竜王様のお仕事休憩は異常に長い。のんびり休憩の合間に仕事をしている感じ。普通は逆だと思うのだが、それに竜人の国というのは存在しないのだ。竜王の仕事は大きく見ると世界を安定させておくこと、その為にはつがい…つまり私を愛でる事は必要!いや、それが私の最優先事項だ!とこの男は堂々と言い切っていた。その長い長い休憩が終わりアテノールさんが戻ってきた。
「何が無理なのですか?」

「竜王様の仕事があるのに私の同郷人探しの旅に行くなんて無理だよねって話。」

暫く考えてたアテノールさんが
「では新婚旅行という形で各国を訪問して行ってはどうですか?」

「新婚旅行!こっちの世界にもあるんだ!」
「新婚旅行?なんだそれは?」

「えっ?」
「ん?」

私はリュートと顔を見合わせてアテノールさんを見た。

「実は私にもつがいがその…少し前ですが出会う事が出来まして…私の愛するつがいの国で行われていると言って」
デレデレと話していたが、

最後まで聞かず胸ぐらを掴む
「アテノールさん、名前は!」
「は?」
突然胸ぐらを掴まれたという事態が飲み込めないアテノールさんに更に詰め寄り
「つがいさんの お・な・ま・え は?」

「はっはるさんです。」
あまりの近さにのけぞりながらも名前を教えてくれた。つい言ってしまった感は否めないが、まあ教えもらいました。

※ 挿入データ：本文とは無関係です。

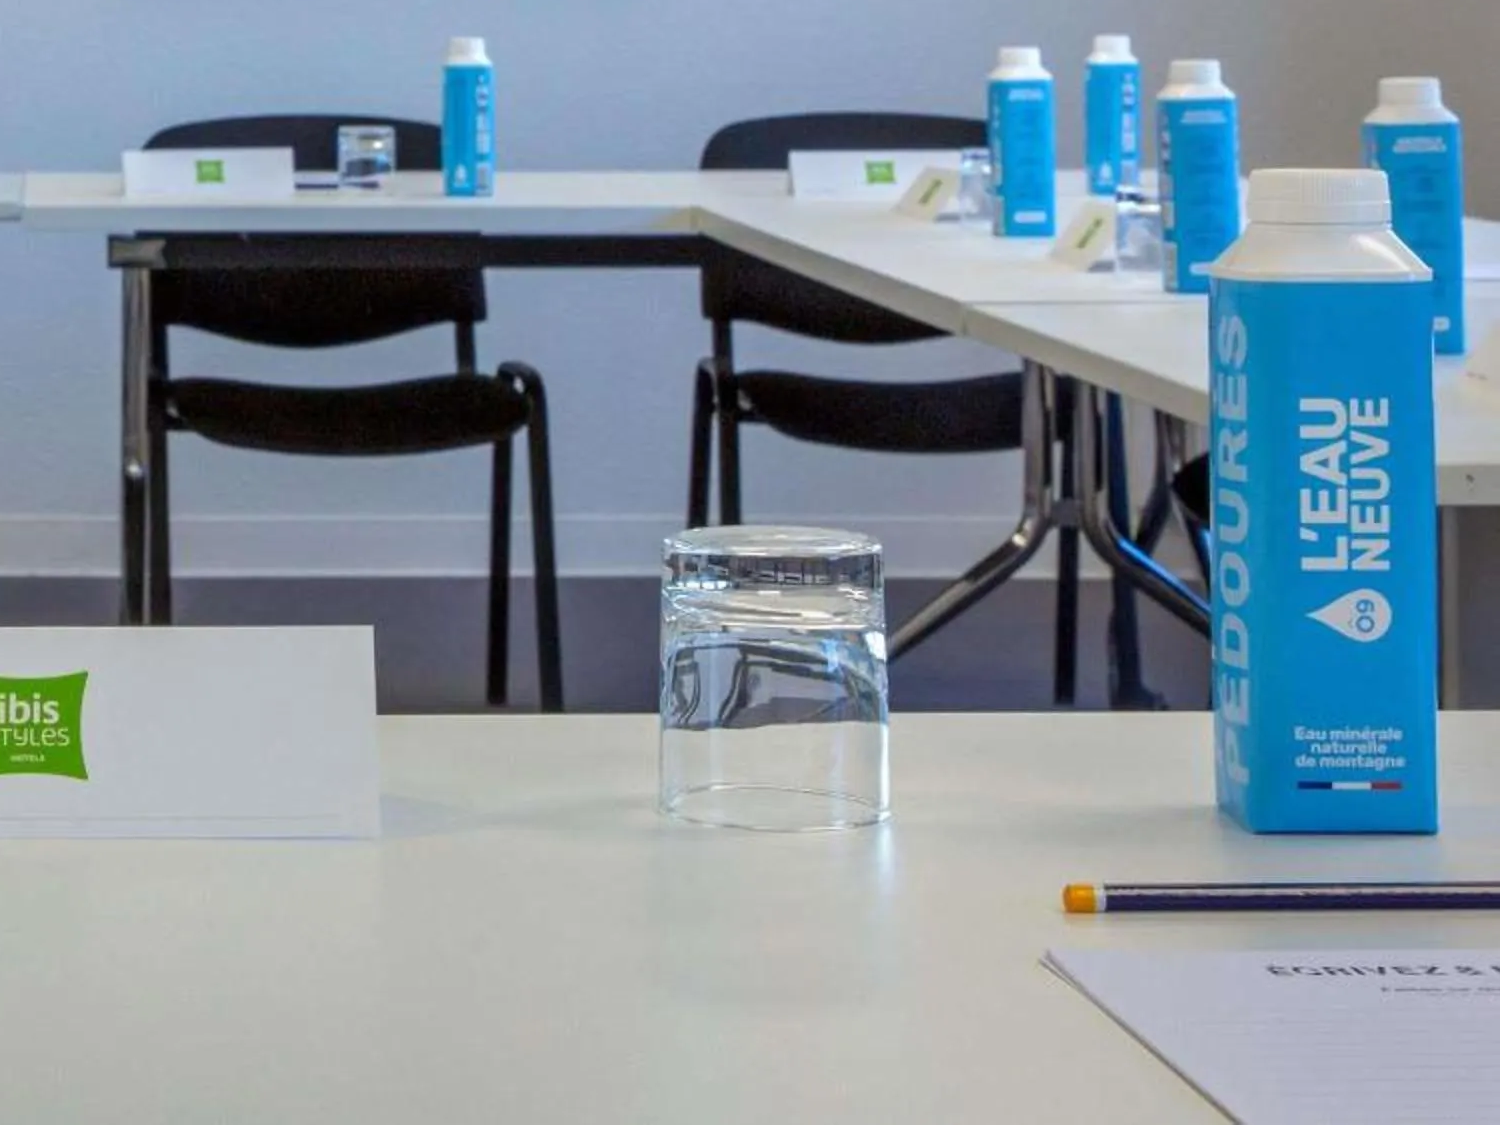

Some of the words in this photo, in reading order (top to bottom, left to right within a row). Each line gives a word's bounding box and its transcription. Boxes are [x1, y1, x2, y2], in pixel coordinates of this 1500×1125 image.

アテノールさんがしきりに後ろを気にしている事に気付いた…
…しまった。

錯覚でもなく、比喩でもなく…冷気が…
「ゆい…
他の男に触れるなんて…浮気か?」

「浮気って⁈そんな事…」
慌ててリュートを振り返る。

扉が勢いよく締まった音が聞こえた。
アテノール、あいつ1人で逃げたな‼︎

目の前のリュートの周りはブリザードが吹き荒れてる…
「結、気をつけてね。嫉妬で世界を氷漬けにしちゃいそうだったよ。」
綺麗な微笑みに…目が…怖いです。
きっとこれは冗談じゃないですね…
最近力加減を学んだリュートの腕に抱かれながら、いつもより力強い腕が震え、
「結、だめだよ。」
「はい…」

私は今日知らぬ間にこの世界を危機に陥れてしまっていたらしい… 

竜人族的な浮気の定義って…よく分からん。